La ministre de l’Enseignement obligatoire, Marie-Dominique Simonet, a été élue dimanche députée à la Chambre des représentants dans la circonscription de Liège, réalisant le 64e score en voix de préférence du royaume. Ses 19.346 votes nominatifs ne lui serviront pourtant à rien… même s’ils ont assuré au CdH de conserver ses deux sièges face à un PS triomphant. La ministre avait annoncé que quel que soit son score, elle ne siègerait pas, ce qui ouvre la porte à son suppléant, le Hutois et échevin Joseph George qui n’a pourtant recueilli lui qu’un peu moins de 6.000 voix. Ce petit jeu agace certains partenaires politiques dont Ecolo qui avait interdit à ses ténors de prendre part à la bagarre électorale. Ainsi, Jean-Marc Nollet aurait souhaité s’exposer davantage, tout comme Marcel Cheron dans le Brabant wallon, Emily Hoyos à Namur ou Bernard Wesphael à Liège. Mais ces derniers n’ont même pas figuré sur les listes. Pour Jean-Michel Javaux, le co-président des Verts, la règle est simple :
Il y a une règle chez Ecolo, c’est qu’on siège où on est élu.

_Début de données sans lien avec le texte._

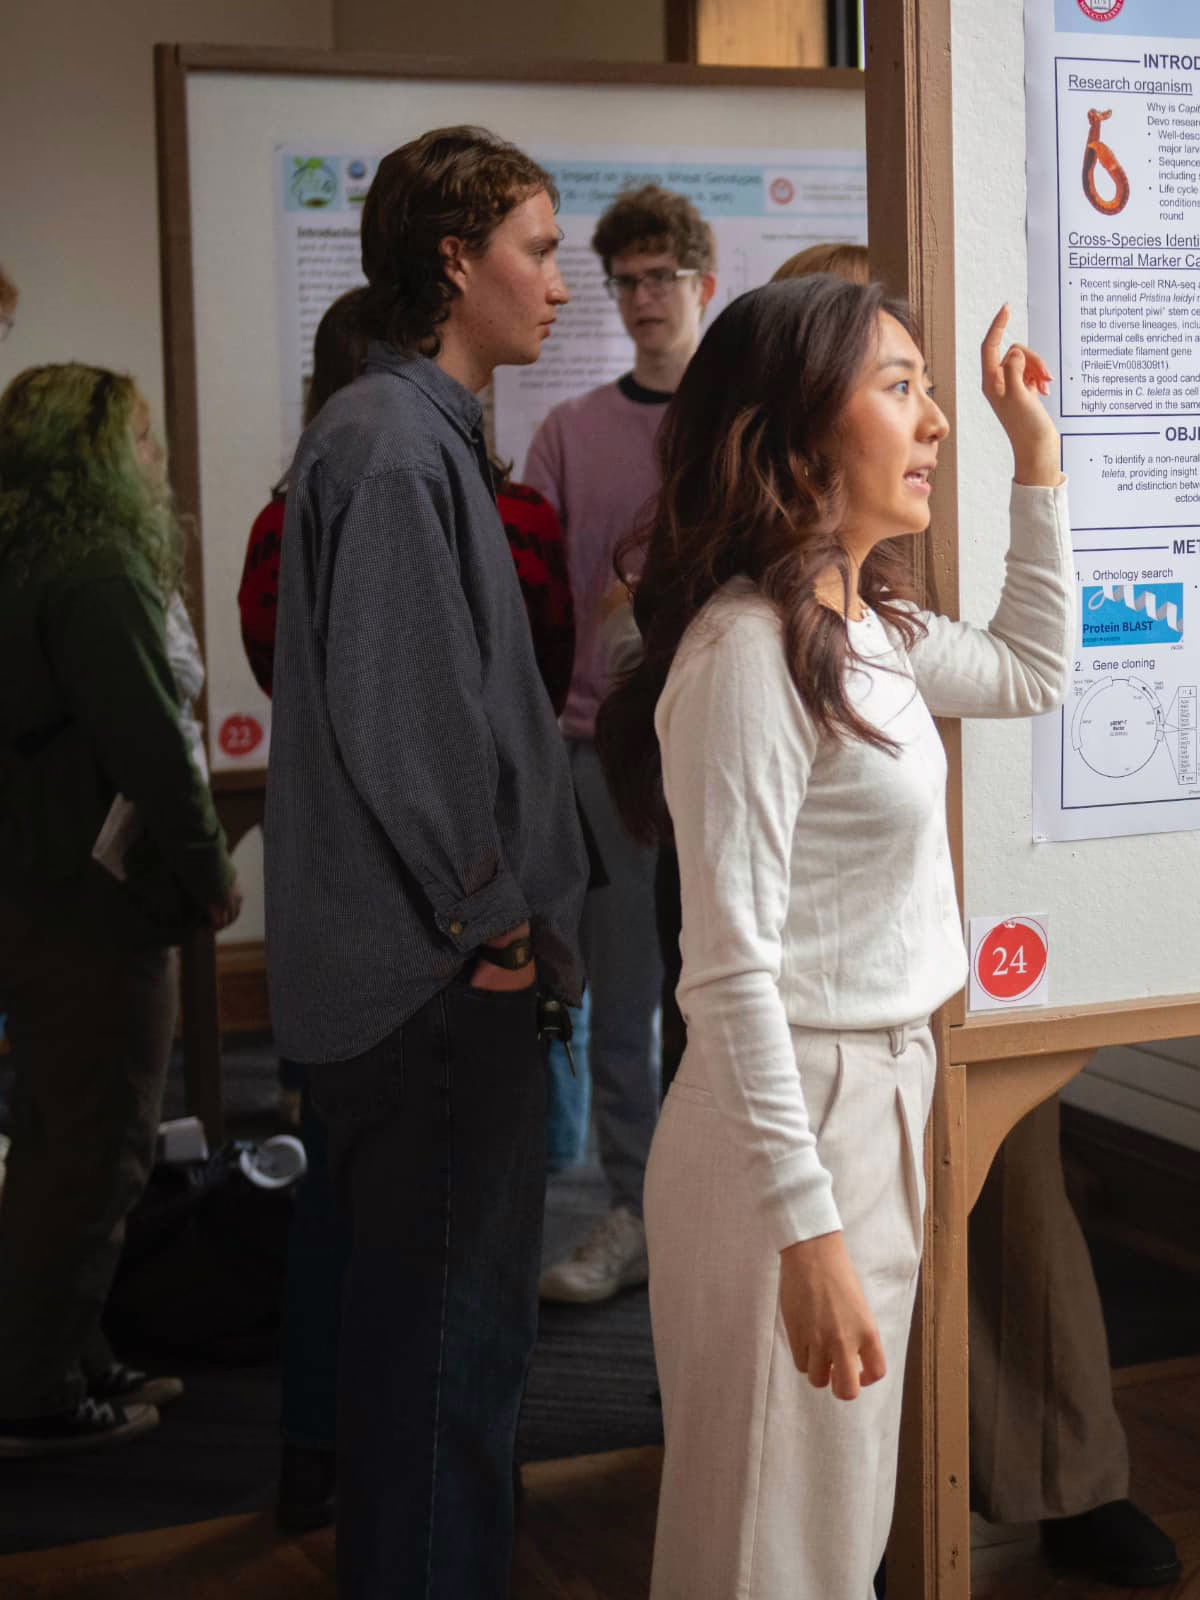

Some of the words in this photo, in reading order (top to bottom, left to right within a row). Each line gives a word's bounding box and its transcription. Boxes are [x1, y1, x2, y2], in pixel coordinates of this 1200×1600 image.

[1067, 74, 1131, 92] Research
[1133, 78, 1193, 94] organism
[1146, 102, 1166, 114] Why
[1146, 115, 1170, 126] Devo
[1157, 143, 1182, 155] major
[1157, 170, 1197, 183] including
[1158, 183, 1175, 194] Life
[1176, 184, 1199, 196] cycle
[1158, 210, 1184, 221] round
[1067, 232, 1162, 250] Cross-Species
[1068, 252, 1134, 269] Epidermal
[1136, 253, 1181, 270] Marker
[1079, 346, 1134, 356] intermediate
[1134, 345, 1170, 356] filament
[1170, 348, 1192, 358] gene
[1081, 373, 1100, 383] This
[1101, 374, 1147, 385] represents
[1155, 373, 1178, 385] good
[1116, 482, 1134, 491] and
[1134, 480, 1178, 491] distinction
[1091, 568, 1139, 583] Orthology
[1140, 567, 1174, 579] search
[1081, 621, 1120, 634] Protein
[1121, 620, 1153, 632] BLAST
[1092, 659, 1119, 670] Gene
[1120, 657, 1156, 671] cloning
[992, 945, 1028, 976] 24
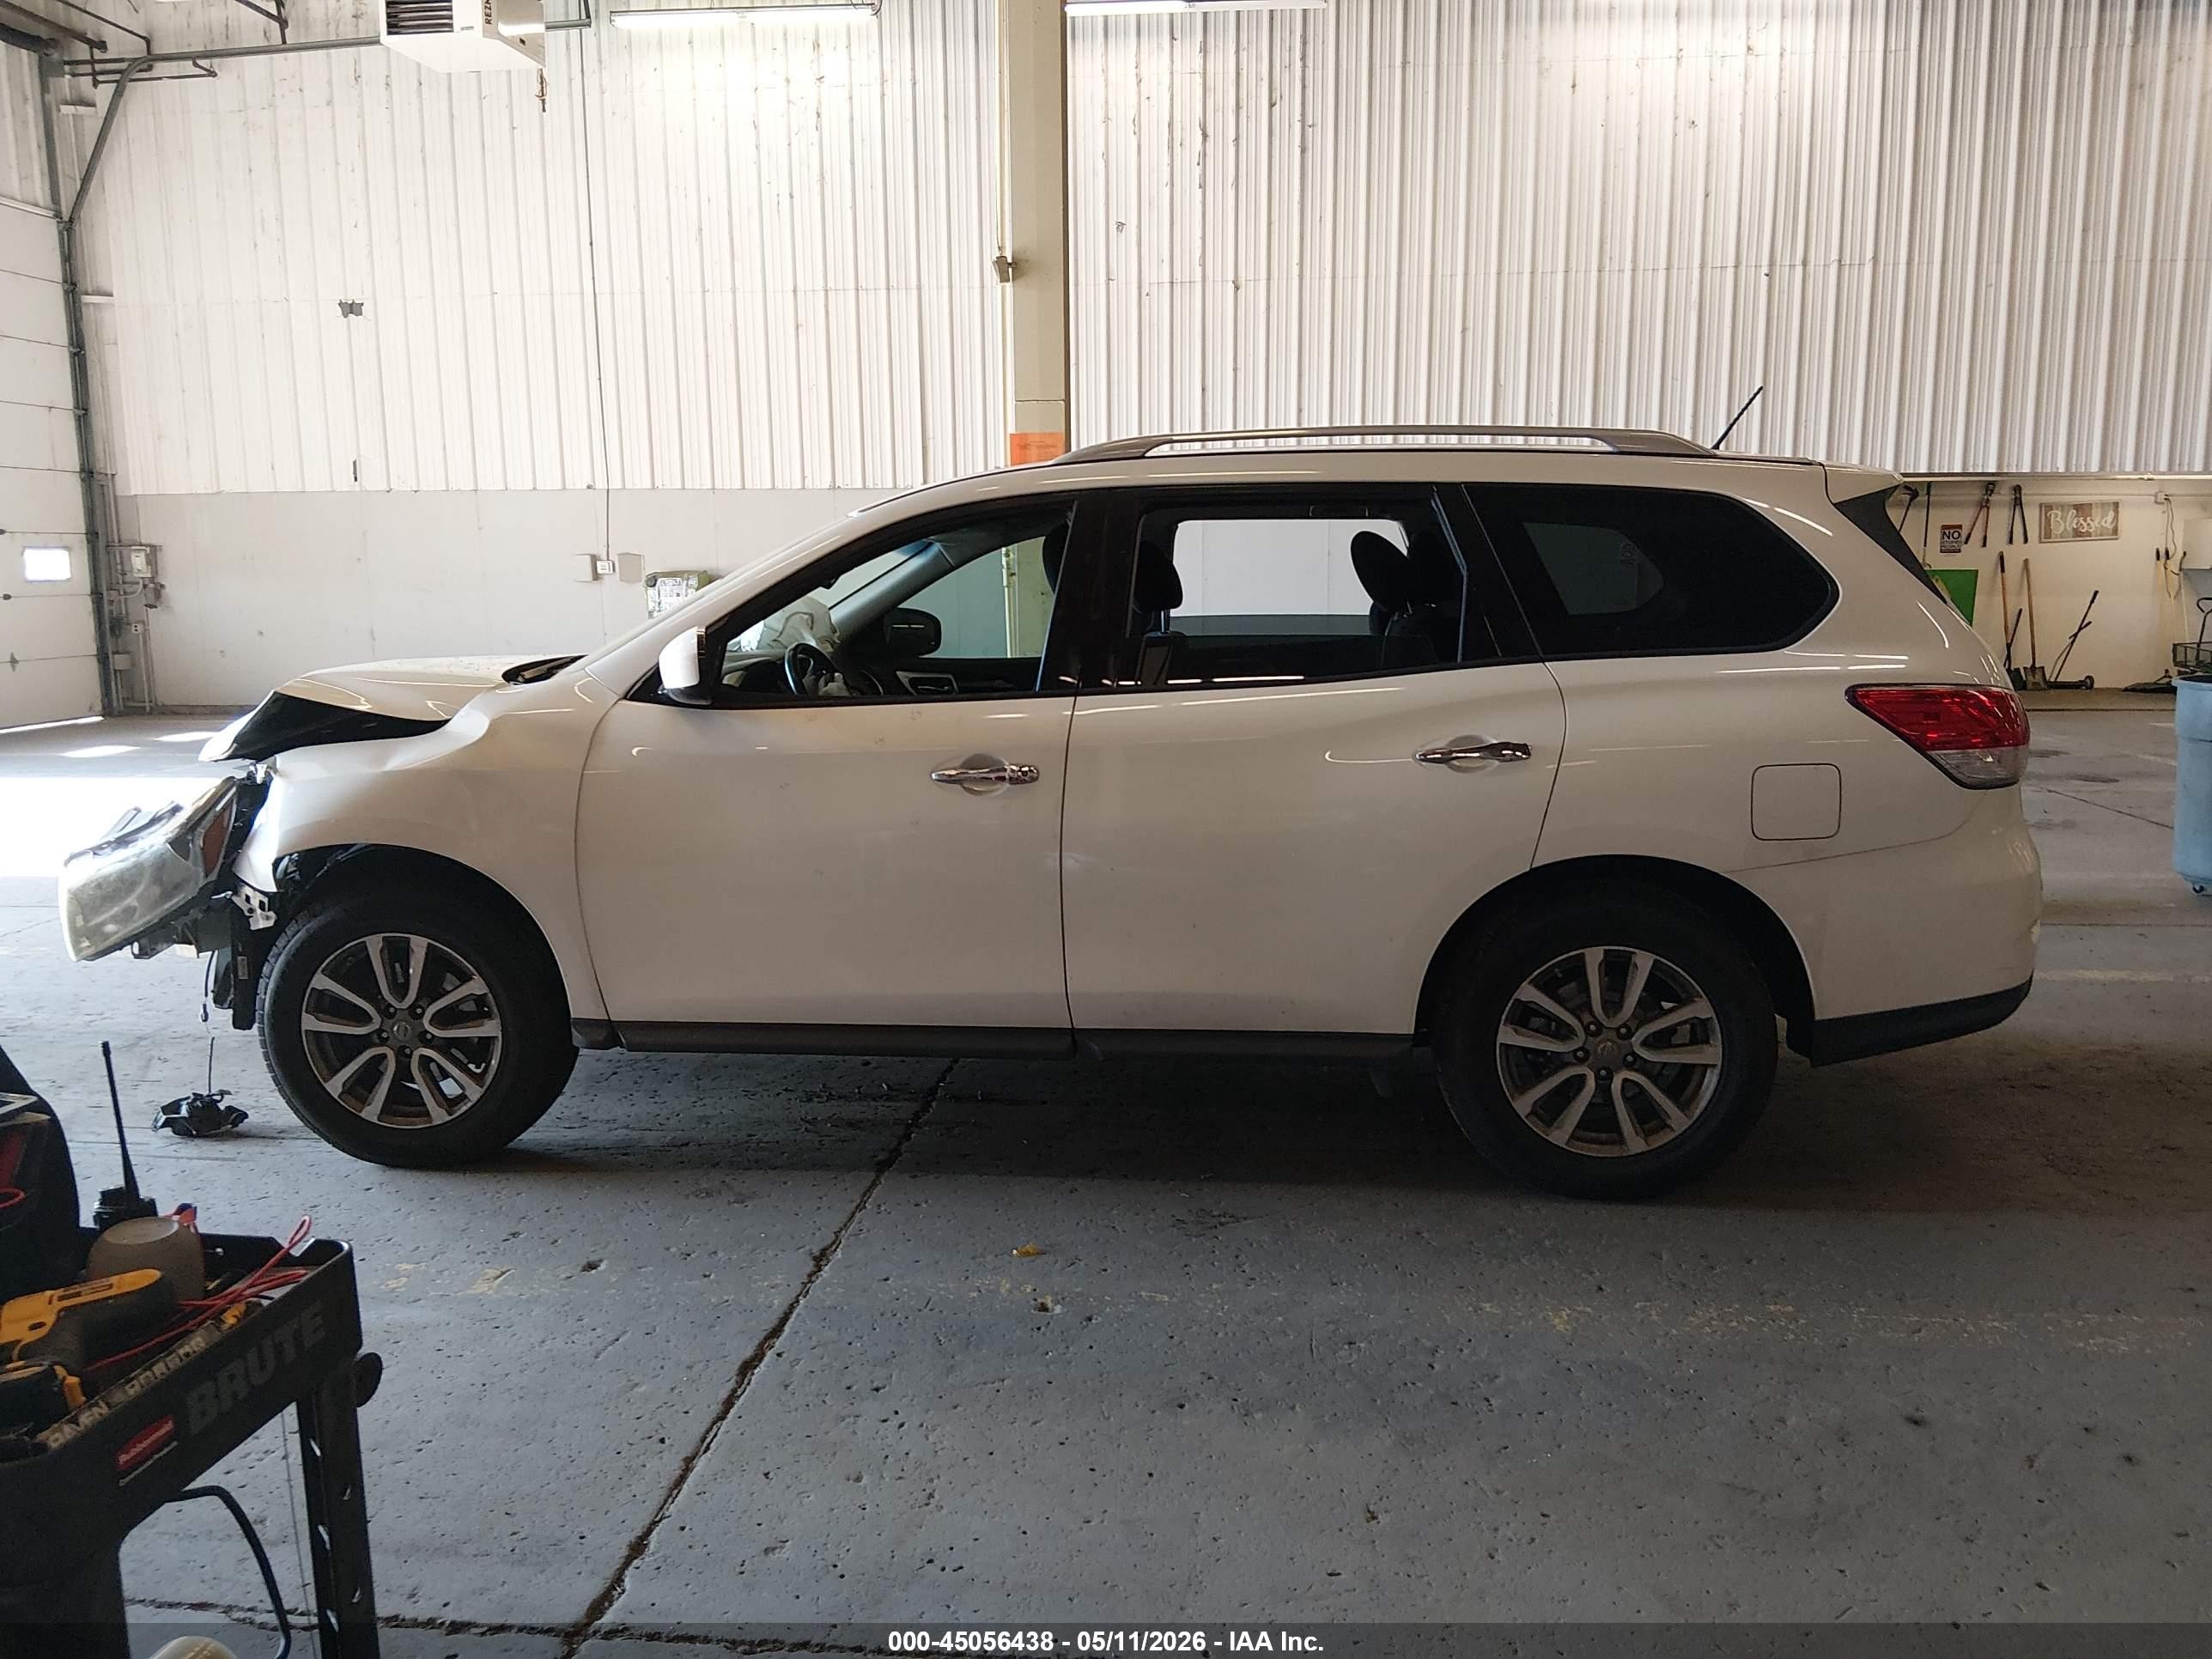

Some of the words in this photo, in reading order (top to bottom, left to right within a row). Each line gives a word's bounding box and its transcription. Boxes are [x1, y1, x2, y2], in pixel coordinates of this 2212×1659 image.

[2047, 509, 2117, 533] Blessed
[1942, 530, 1961, 540] NO
[186, 1300, 325, 1436] BRUTE
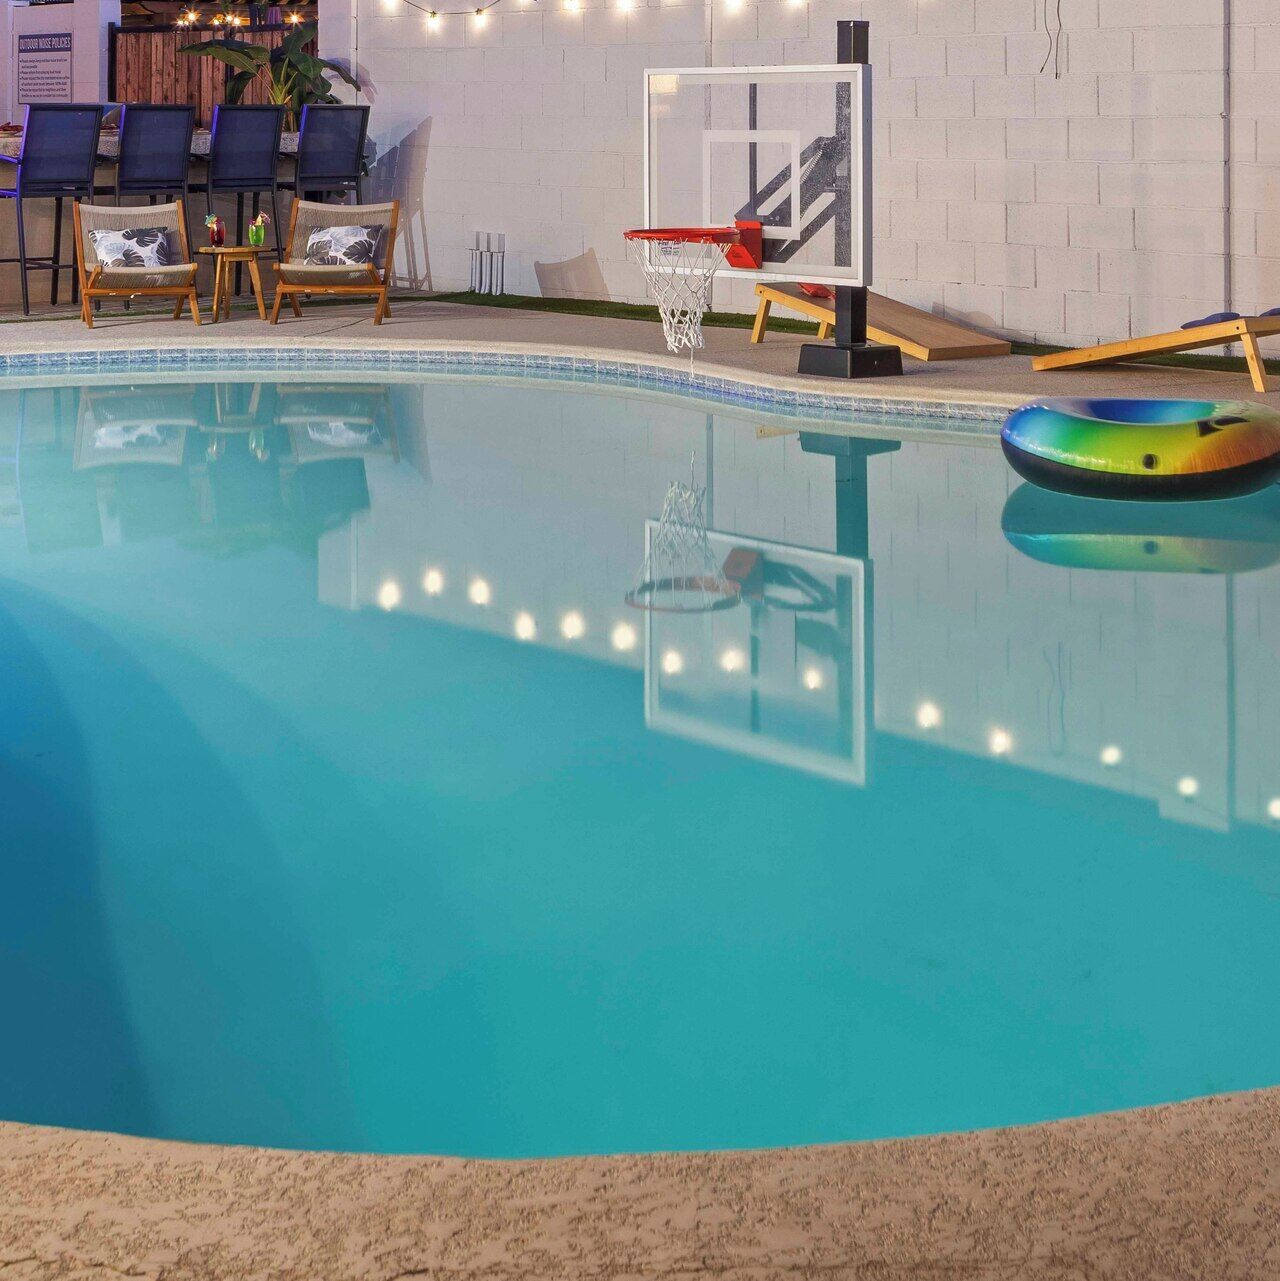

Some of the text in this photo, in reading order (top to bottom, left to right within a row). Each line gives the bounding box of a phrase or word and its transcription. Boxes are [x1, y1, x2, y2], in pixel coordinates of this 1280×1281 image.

Je dis bravo à mon ami Benoît Lutgen au CDH, mais je lui demande s’il va siéger au Parlement fédéral.1
Du coup, privé de ses barons, Ecolo enregistre un léger recul (ce n’est pas seule explication, bien entendu) et les ministres Nollet et Henry ne sont plus élus dans aucune assemblée. Les autres partis ne se sont pas embarrassés de tels scrupules, eux qui ont aligné des grands formats comme Charles Picqué, Fadila Laanan (PS), Benoît Cerexhe et Maxime Prevot (CdH), tous ministres ou élus à la Région wallonne.